Running a heavy I/O load on multipath/dual-ported SSD disks attached to
a SAS3008 adapter (mpt3sas driver), we are seeing I/Os get aborted and
tasks stuck in blk_complete_request() and this sometimes results in
hitting a BUG_ON in blk_start_request(). It would appear that we are
seeing two completions performed on an I/O, and the second completion is
racing with re-use of the request for a new I/O.

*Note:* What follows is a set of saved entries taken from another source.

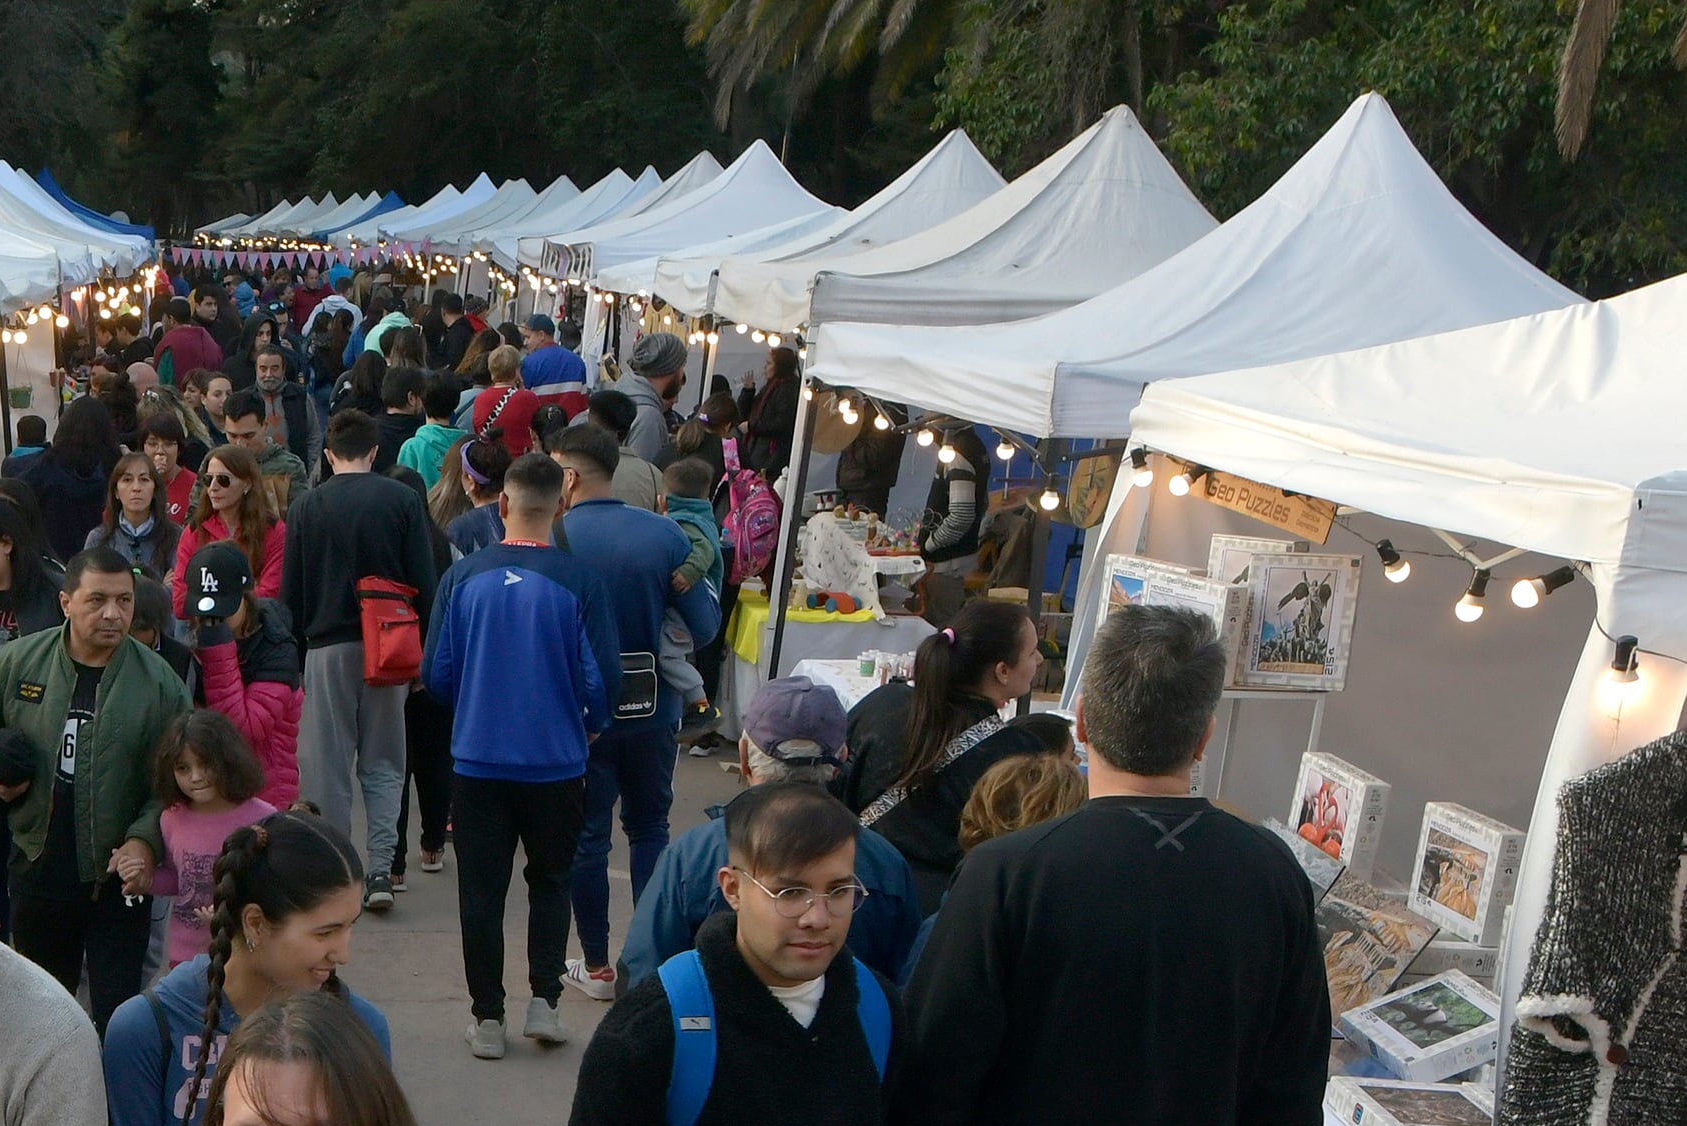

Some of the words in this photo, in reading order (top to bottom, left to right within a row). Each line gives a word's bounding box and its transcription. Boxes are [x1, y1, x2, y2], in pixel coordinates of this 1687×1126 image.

[1206, 478, 1236, 504] Geo
[1235, 487, 1292, 525] Puzzles
[200, 567, 219, 593] LA
[63, 733, 75, 759] 6
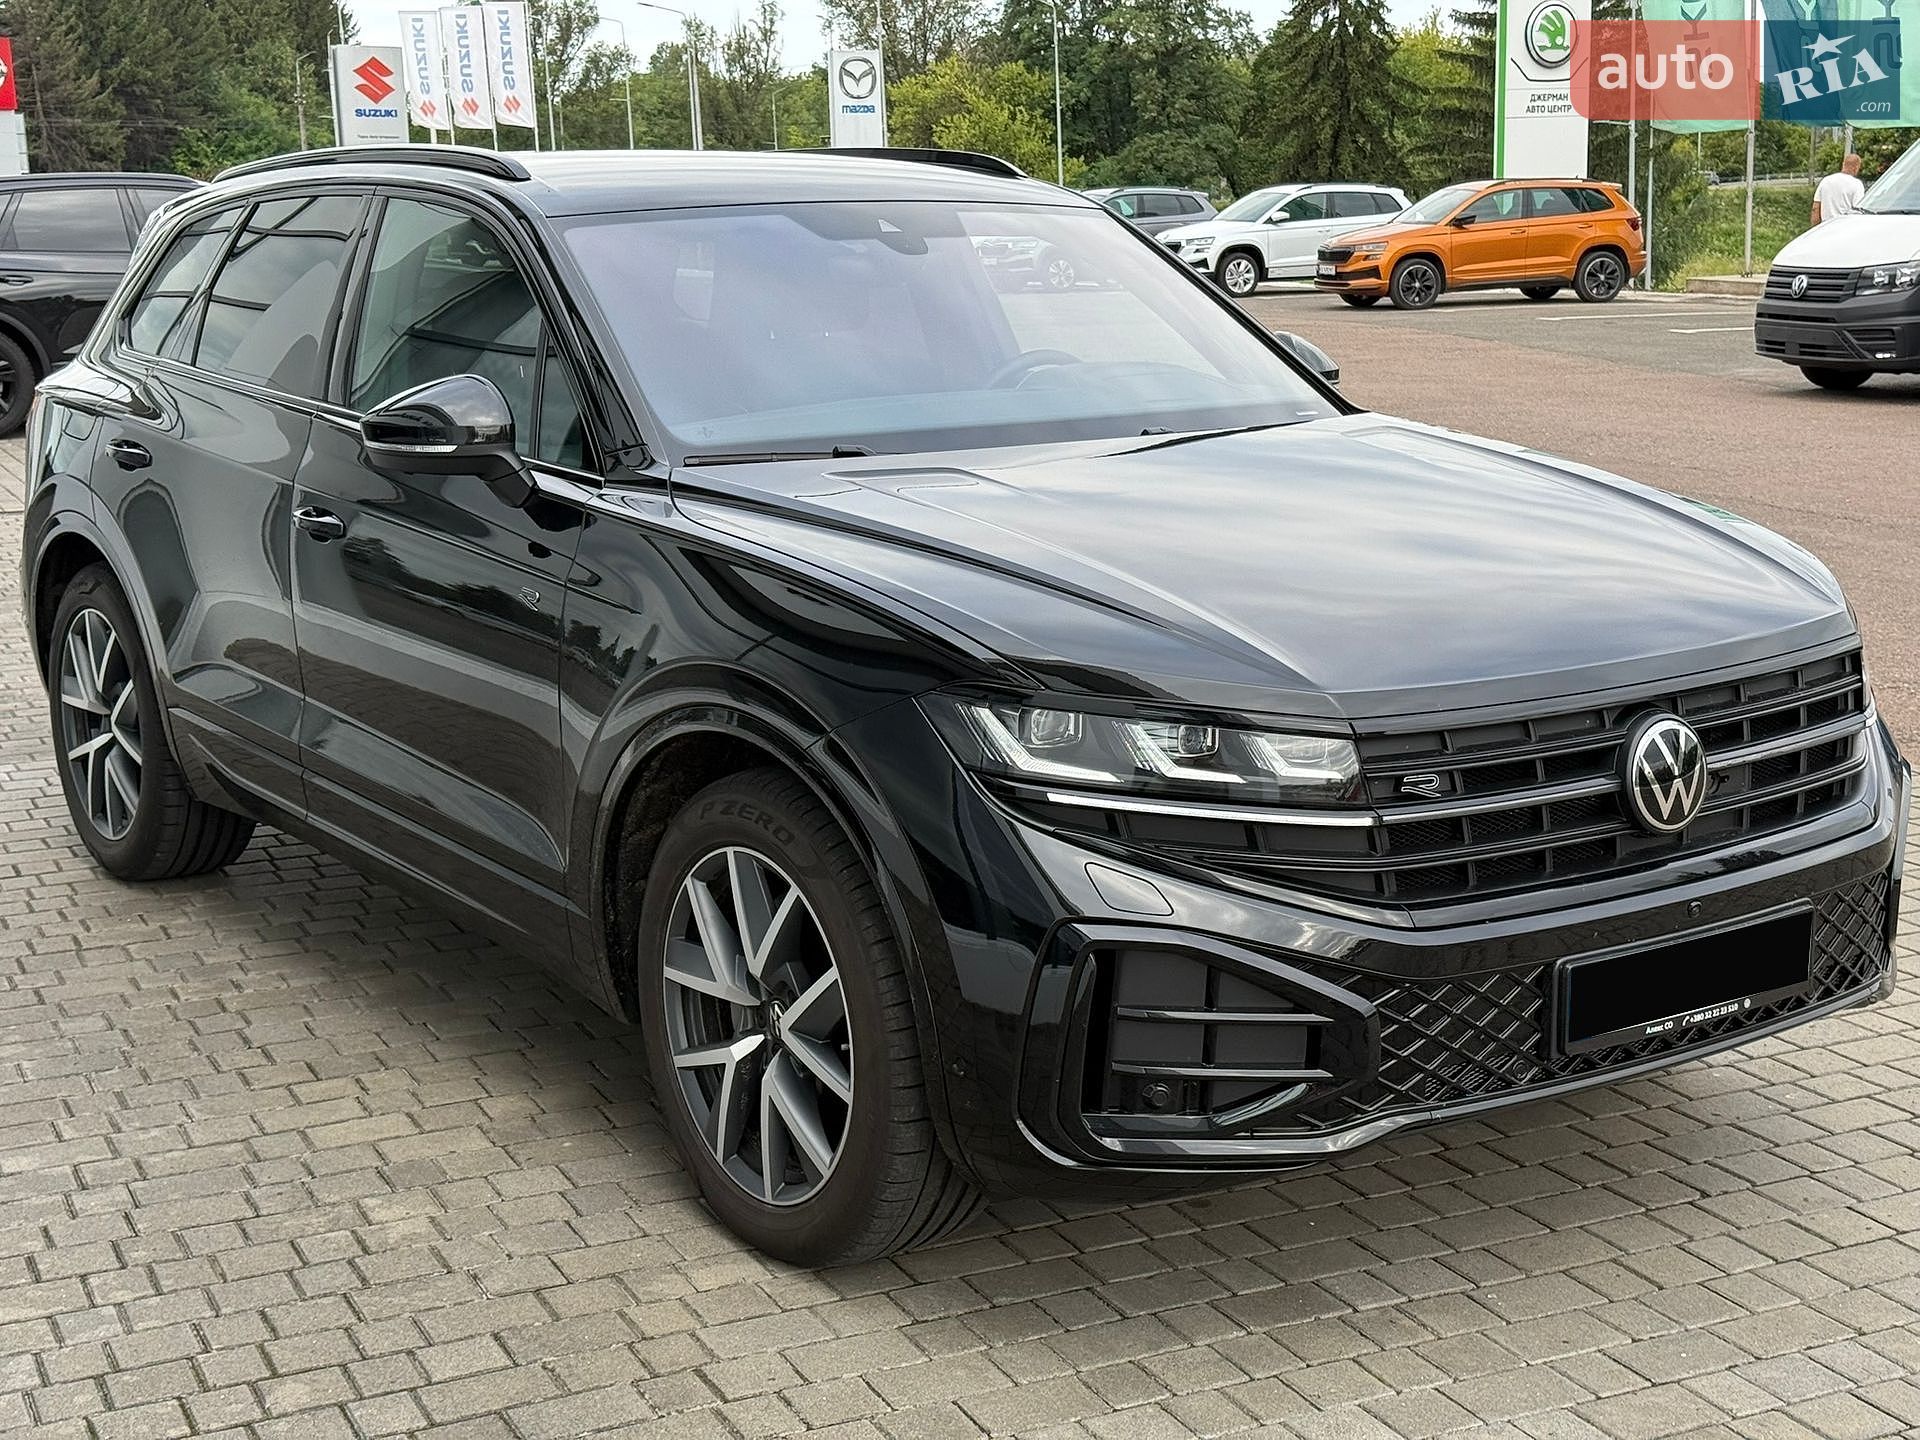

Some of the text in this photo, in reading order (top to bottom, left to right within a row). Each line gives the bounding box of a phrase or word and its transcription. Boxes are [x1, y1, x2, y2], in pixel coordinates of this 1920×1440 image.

I saw this upstream commit:
https://git.kernel.org/pub/scm/linux/kernel/git/torvalds/linux.git/commit/?h=v4.17-rc3&id=9961c9bbf2b43acaaf030a0fbabc9954d937ad8c
which addresses the case where the normal completion occurs before the
abort completion. But the situation I am seeing appears to be that the
abort completion occurs before the normal completion (due to tasks
getting delayed in blk_complete_request()). I don't find any commit to
fix this second case.
Of course, tasks being delayed like this is a concern, and is being
worked separately. But it seems that the alternate double-completion
case is being ignored here.
Does everyone concur that this second case needs to be addressed? Is
there a proposed fix?
Thanks,
Doug
FYI, system is a Power9 running RHEL-ALT 7.5, two SAS3008 adapters
connected to an IBM EXP24SX SAS Storage Enclosure with 24
HUSMM8040ASS201 drives. FIO was being used to drive the I/O load.